MATERIAL PROVIDED:

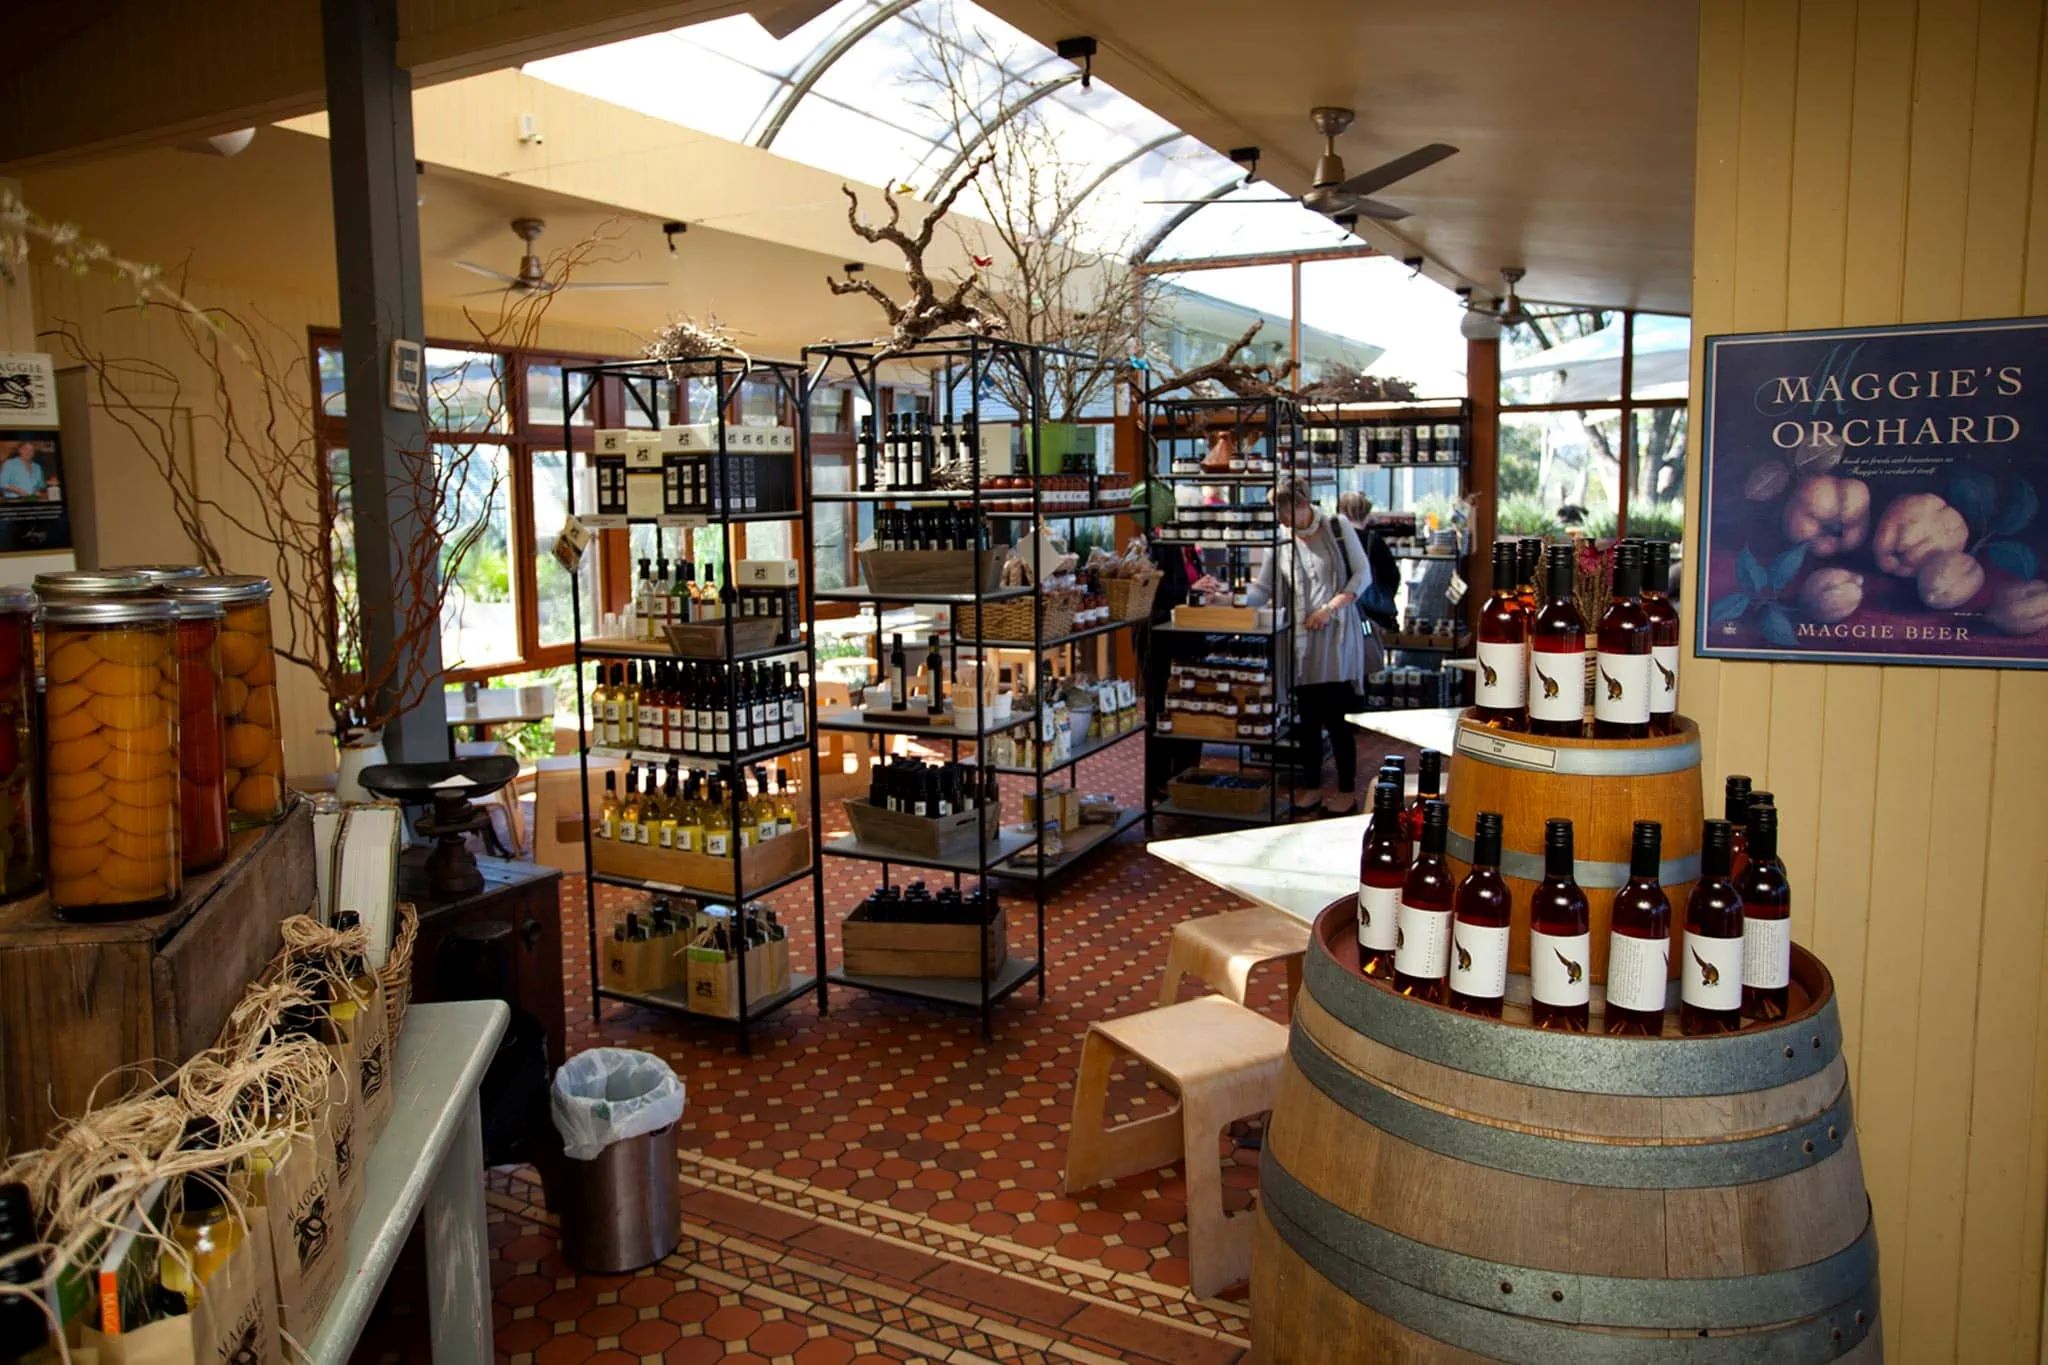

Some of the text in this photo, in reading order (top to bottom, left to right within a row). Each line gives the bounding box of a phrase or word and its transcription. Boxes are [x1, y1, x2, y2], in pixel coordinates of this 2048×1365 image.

[1773, 366, 2023, 404] MAGGIE'S
[1772, 415, 2020, 449] ORCHARD
[1797, 623, 1969, 641] MAGGIE BEER
[216, 1287, 262, 1361] MAGGIE

EXERCISE REQUIREMENTS:
Reproduce the records in full, exactly as they appear, and show none of the pictures.

EXERCISE RESPONSE:
Some of the text in this photo, in reading order (top to bottom, left to right within a row). Each line gives the bounding box of a phrase or word and its transcription. Boxes are [x1, y1, x2, y2], in pixel coordinates of this 2048×1365 image.

[1773, 366, 2023, 404] MAGGIE'S
[1772, 415, 2020, 449] ORCHARD
[1797, 623, 1969, 641] MAGGIE BEER
[216, 1287, 262, 1361] MAGGIE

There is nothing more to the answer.